__EXERCISE MATERIAL__:
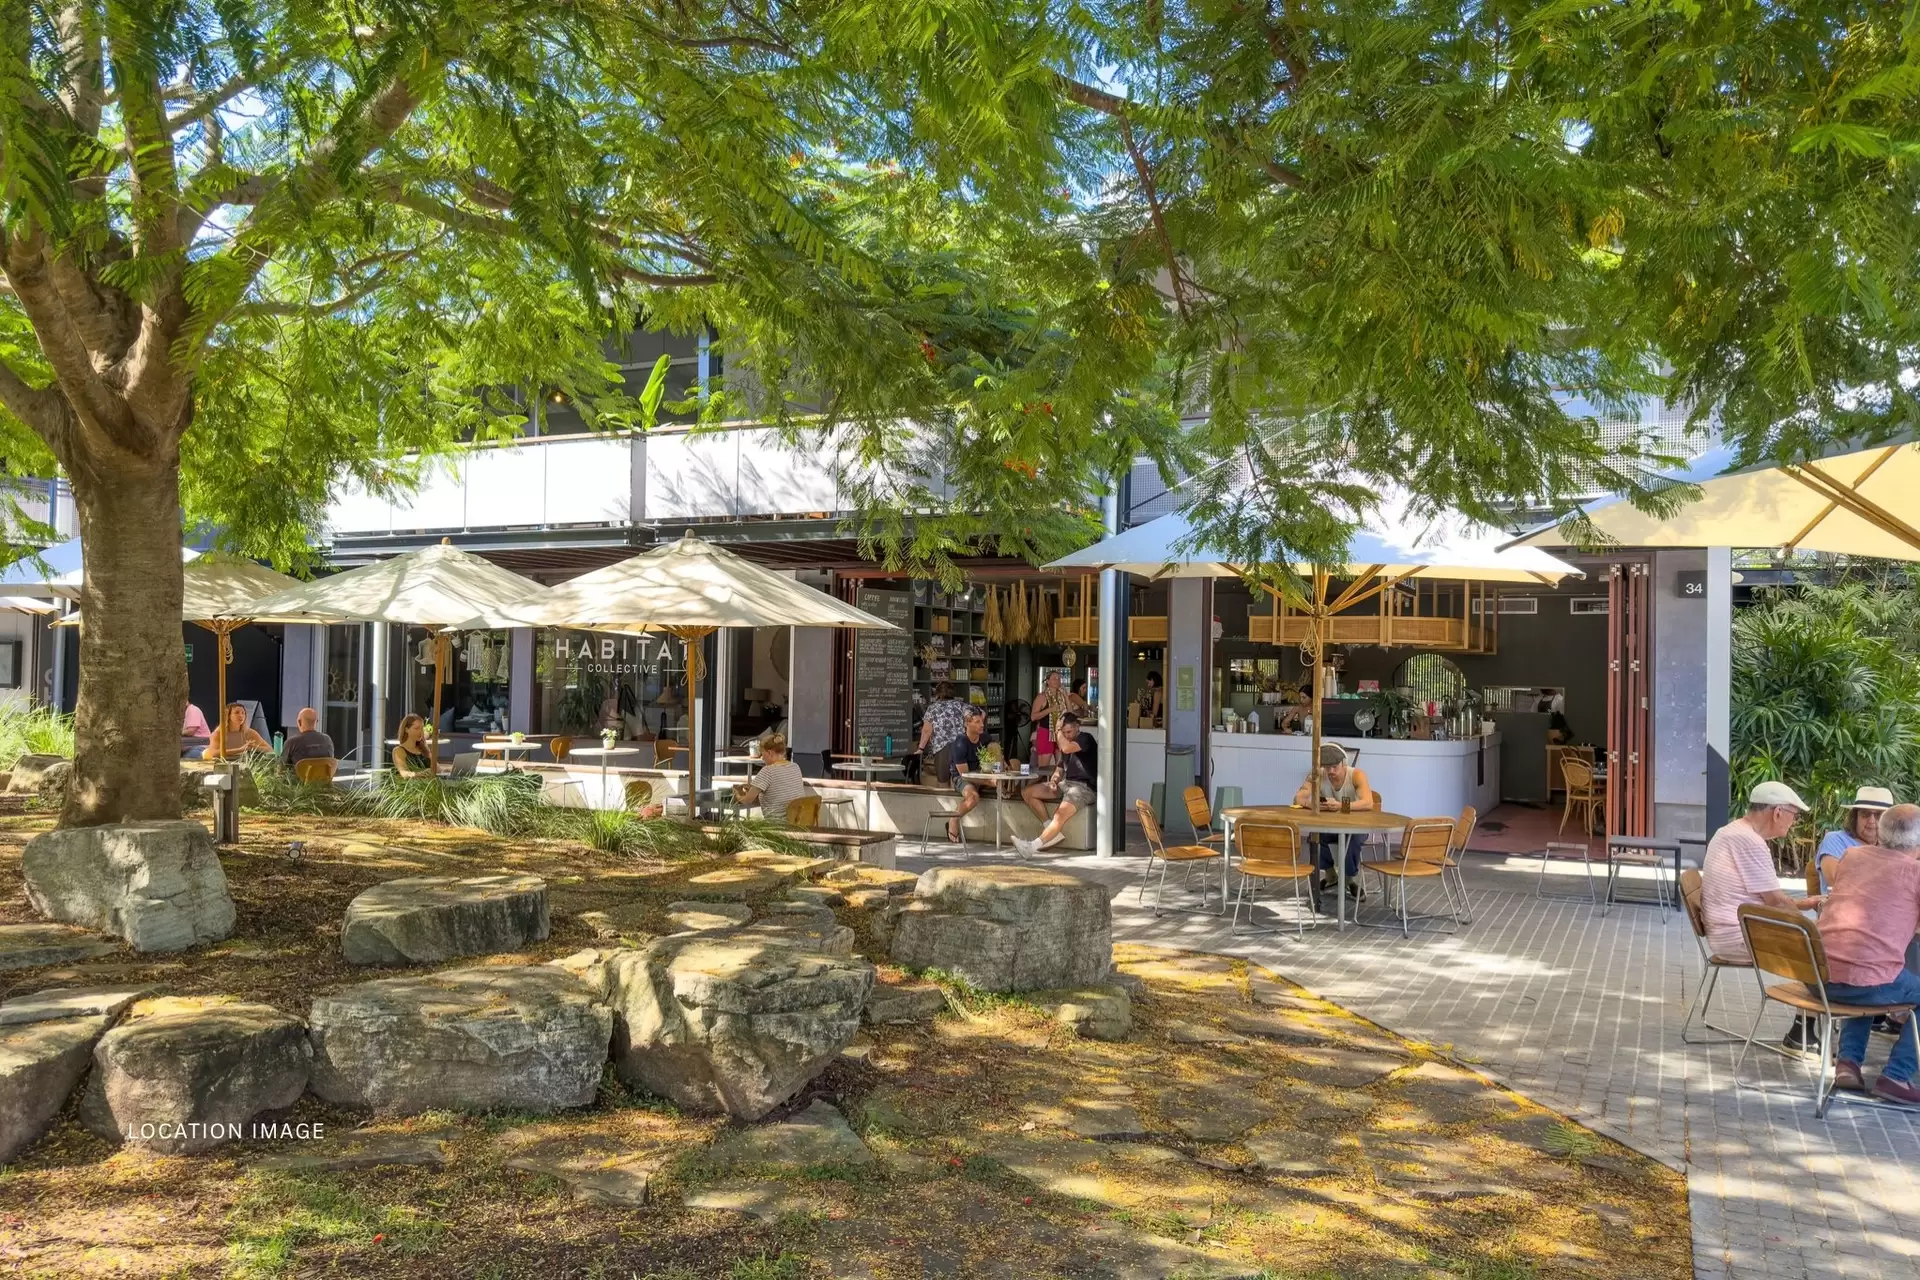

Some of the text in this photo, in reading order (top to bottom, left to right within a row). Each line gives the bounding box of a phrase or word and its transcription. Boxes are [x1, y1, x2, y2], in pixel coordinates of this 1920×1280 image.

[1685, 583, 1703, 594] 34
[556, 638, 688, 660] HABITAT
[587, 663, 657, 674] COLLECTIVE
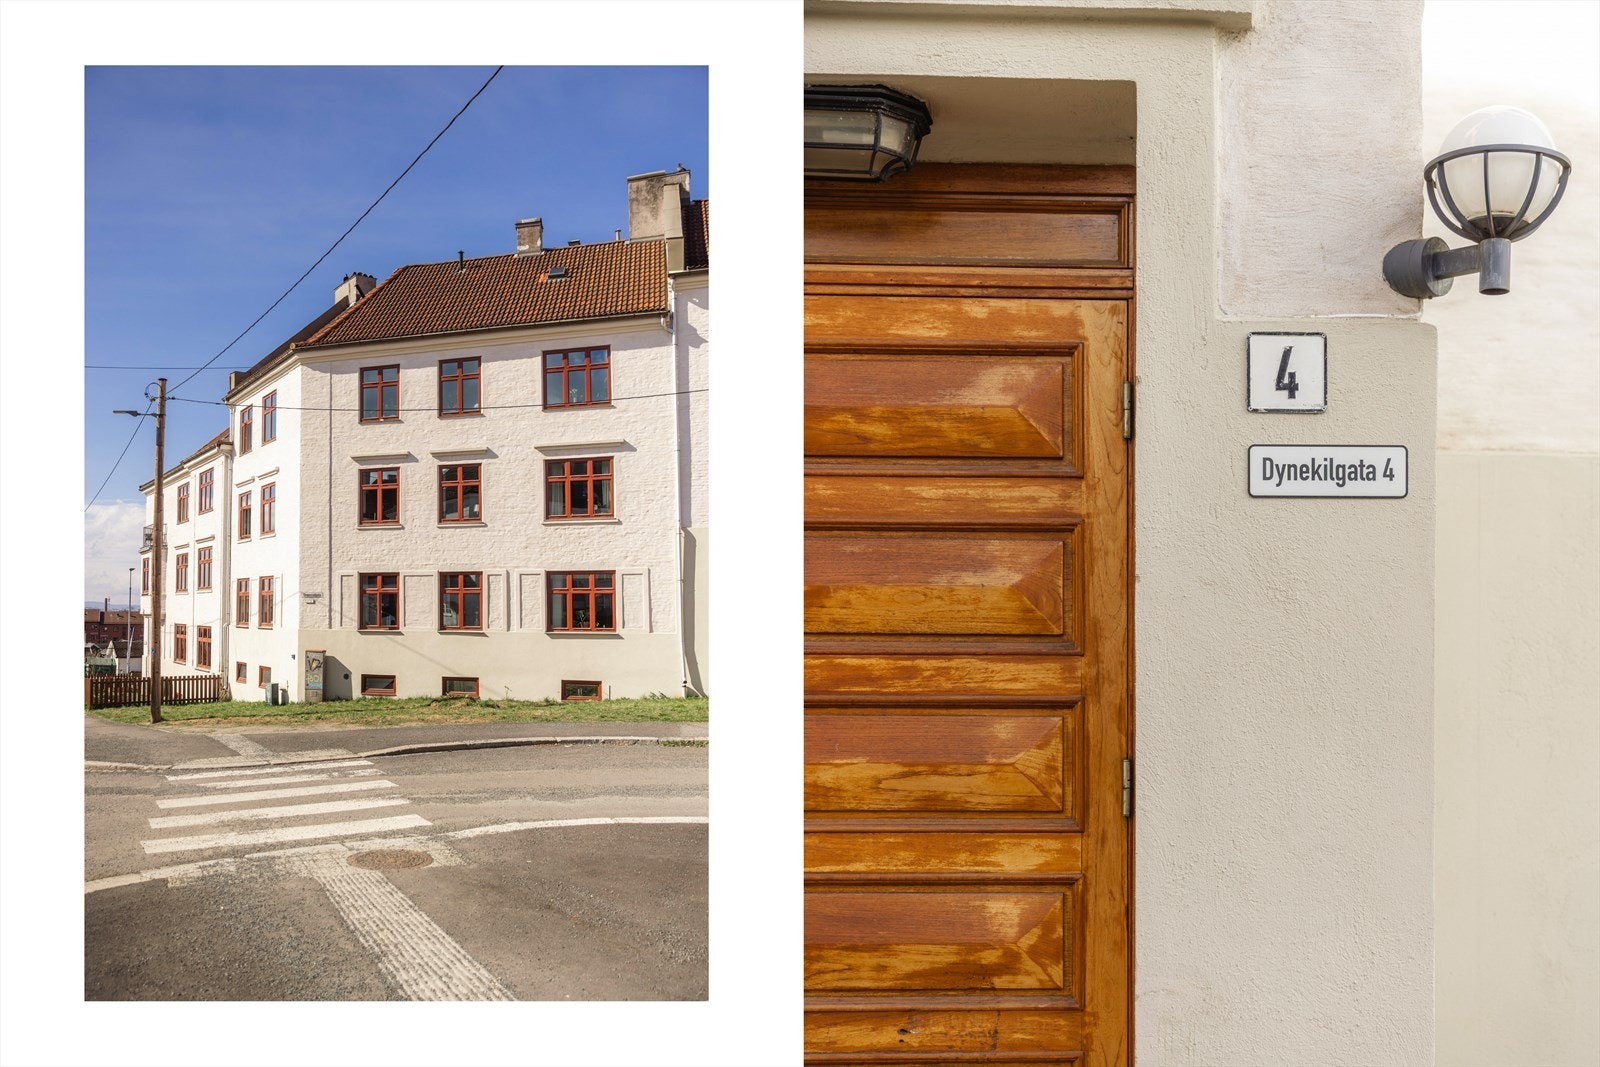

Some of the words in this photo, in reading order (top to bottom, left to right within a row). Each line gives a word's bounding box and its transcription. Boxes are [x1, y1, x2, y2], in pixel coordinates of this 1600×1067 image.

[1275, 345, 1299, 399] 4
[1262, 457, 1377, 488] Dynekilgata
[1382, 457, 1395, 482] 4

__EXERCISE REQUIREMENTS__:
The answer must be an exact copy of the records, with no images in it.

__RESPONSE AREA__:
Some of the text in this photo, in reading order (top to bottom, left to right within a row). Each line gives the bounding box of a phrase or word and its transcription. Boxes are [x1, y1, x2, y2], in pixel coordinates of this 1920×1280 image.

[1685, 583, 1703, 594] 34
[556, 638, 688, 660] HABITAT
[587, 663, 657, 674] COLLECTIVE

Some of the words in this photo, in reading order (top to bottom, left to right within a row). Each line gives a word's bounding box and its transcription. Boxes are [x1, y1, x2, y2], in pixel coordinates of this 1600×1067 image.

[1275, 345, 1299, 399] 4
[1262, 457, 1377, 488] Dynekilgata
[1382, 457, 1395, 482] 4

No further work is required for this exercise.